● Exercise data
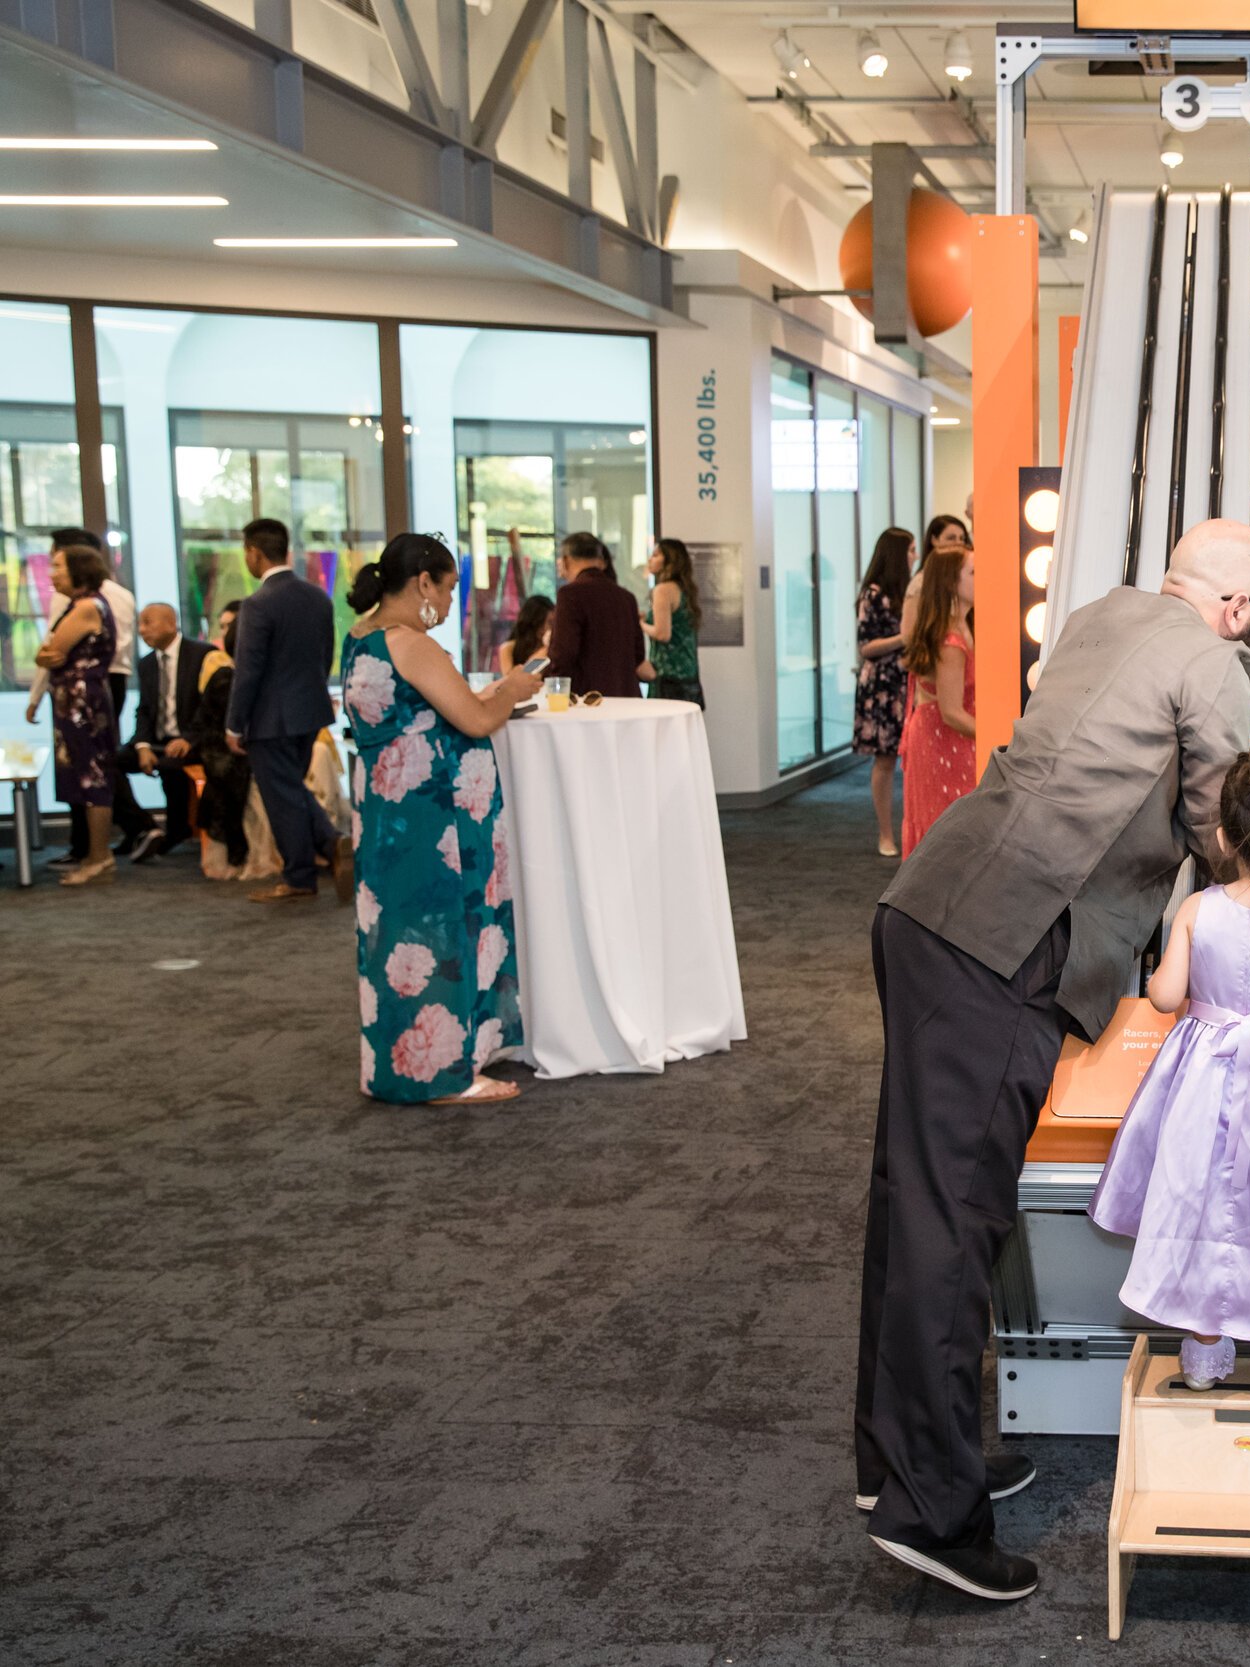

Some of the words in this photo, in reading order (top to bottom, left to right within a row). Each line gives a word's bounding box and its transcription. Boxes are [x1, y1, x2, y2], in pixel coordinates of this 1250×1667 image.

[1175, 83, 1200, 119] 3
[697, 369, 715, 409] lbs.
[698, 417, 718, 501] 35,400
[1122, 1042, 1149, 1051] your
[1123, 1028, 1161, 1039] Racers,

● Exercise directions
For this exercise, return the records above in full and exactly, omitting the images.

● Answer to the problem
Some of the words in this photo, in reading order (top to bottom, left to right within a row). Each line gives a word's bounding box and its transcription. Boxes are [x1, y1, x2, y2], in pixel coordinates of this 1250×1667 image.

[1175, 83, 1200, 119] 3
[697, 369, 715, 409] lbs.
[698, 417, 718, 501] 35,400
[1122, 1042, 1149, 1051] your
[1123, 1028, 1161, 1039] Racers,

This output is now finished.